=== Begin Enclosure ===

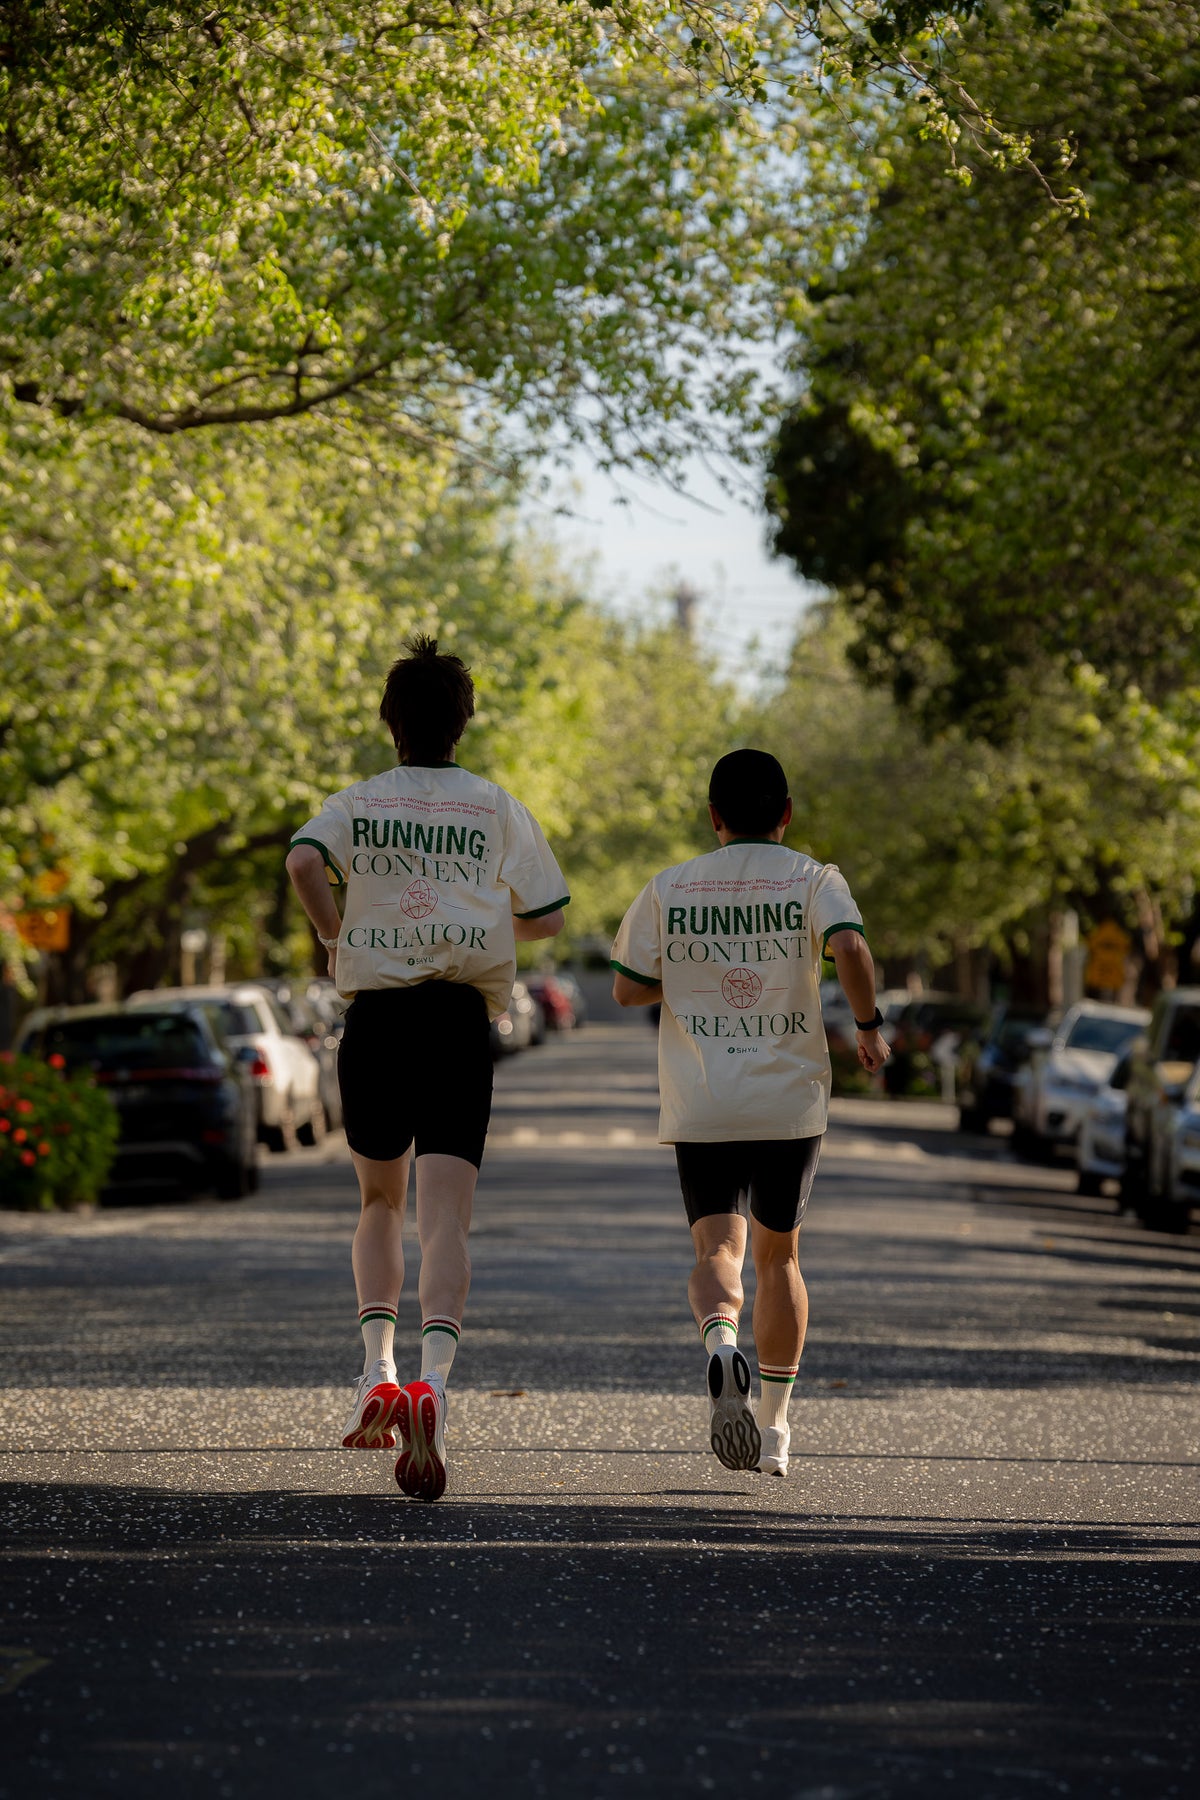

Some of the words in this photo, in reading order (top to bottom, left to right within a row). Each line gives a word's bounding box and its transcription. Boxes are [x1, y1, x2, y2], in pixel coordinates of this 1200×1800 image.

[462, 809, 480, 817] SPACE
[470, 803, 496, 815] PURPOSE
[352, 817, 490, 863] RUNNING:
[352, 853, 487, 887] CONTENT
[667, 900, 807, 936] RUNNING:
[347, 923, 488, 950] CREATOR
[667, 937, 807, 963] CONTENT
[736, 1046, 758, 1054] SHYU
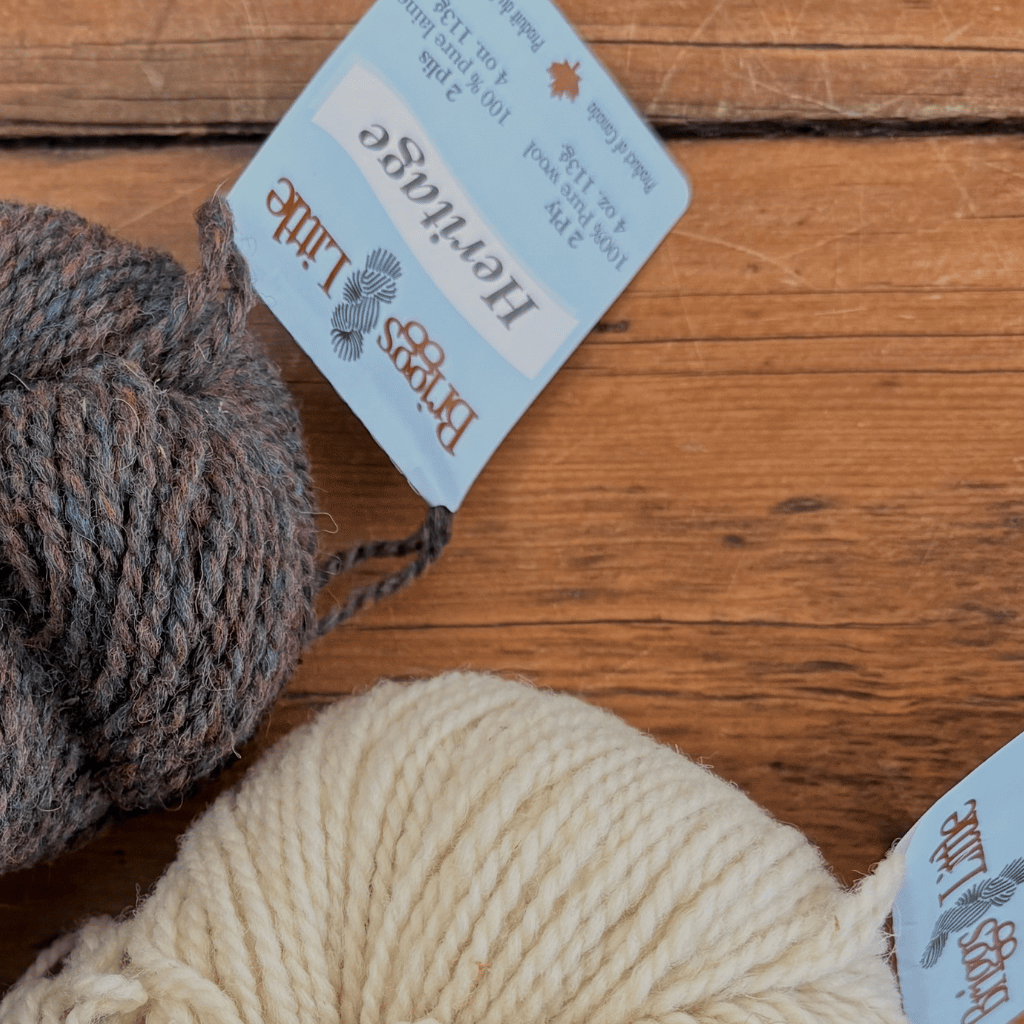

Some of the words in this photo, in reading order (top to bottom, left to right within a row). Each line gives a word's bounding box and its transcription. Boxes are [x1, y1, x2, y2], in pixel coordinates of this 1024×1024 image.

=== End Enclosure ===

Your instructions
Make an exact copy of the data above, pictures excluded.

Answer below
Some of the words in this photo, in reading order (top to bottom, left to right within a row). Each line gives a word's bounding box and its transcription. Boxes are [x1, y1, x2, y2], in pixel coordinates of this 1200×1800 image.

[462, 809, 480, 817] SPACE
[470, 803, 496, 815] PURPOSE
[352, 817, 490, 863] RUNNING:
[352, 853, 487, 887] CONTENT
[667, 900, 807, 936] RUNNING:
[347, 923, 488, 950] CREATOR
[667, 937, 807, 963] CONTENT
[736, 1046, 758, 1054] SHYU

Some of the words in this photo, in reading order (top to bottom, left to right within a row). Each line gives a word's bounding box and its transcription. Boxes are [x1, y1, x2, y2], in pixel coordinates of this 1024×1024 image.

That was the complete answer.